Pursuing Justice in Africa Conference
October 7, 2014
27-28 March 2015
In recent decades, justice has been overshadowed as a subject of concern to scholars of Africa by vast literatures centring on rights, crime, punishment, policing and social order. This neglect of justice is striking given the increasing presence of international justice institutions, such as the International Criminal Court, on the African continent and the remarkable diversity of legal structures of justice. Across Africa, complex pluralities of ‘customary’, religious, state, and transnational justice regimes interact on what is often contested terrain. This interdisciplinary conference will place the past and present negotiation of competing notions of justice under scrutiny, with the aims of:
- Moving beyond currently dominant themes in socio-legal studies of Africa by asking broader questions about the aims and aspirations of those engaging with formal, informal or ‘customary’ law, legal reform, and legal institutions.
- Exploring the potential of a focus on justice to overcome limitations associated with the study of human rights, not least their questionable resonance with the vernacular concerns of African citizens. And at the same time, probing the relationship between rights and justice.
- Considering the conceptual possibilities of justice as a means of bypassing contested notions of legal pluralism for understanding intersections of local, national and international legalities.
- Remaining alert to what a focus on justice might obscure or exclude. How, for example, does the language of justice relate to concerns about power and inequality?
- Gathering together scholars from a variety of disciplines whose work converges on issues of justice in Africa and whose projects have not previously been brought into conversation.
The focus of the conference is on the many and varied actors pursuing visions of justice in Africa – their aspirations, divergent practices and articulations of international and vernacular idioms of justice. We will bring together topics of research that are at the cutting edge of contemporary scholarship across a wide range of disciplines, including activism, resource extraction, international legal institutions, and post-conflict reconciliation. Our engagement will be both empirical and theoretical: we aim to grapple with alternative approaches to the concept of justice and its relationships with law, morality, and rights.

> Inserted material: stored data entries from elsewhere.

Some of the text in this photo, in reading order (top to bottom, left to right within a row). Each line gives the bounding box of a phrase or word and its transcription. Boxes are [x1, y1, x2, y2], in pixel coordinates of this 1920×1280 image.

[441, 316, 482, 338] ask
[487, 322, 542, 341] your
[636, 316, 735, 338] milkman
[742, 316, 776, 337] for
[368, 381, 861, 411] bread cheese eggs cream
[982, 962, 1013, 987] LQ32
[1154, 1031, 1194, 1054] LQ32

The keynote address will be given by Professor Kamari Maxine Clarke.
We welcome papers from a range of disciplines, including - but not limited to - anthropology, history, law, criminology and politics. In order to allow time for discussion, presentations will be limited to 20 minutes. We are unable to fund travel and accommodation but will cover registration costs and conference meals for all delegates, and we can provide advice about accommodation in Cambridge.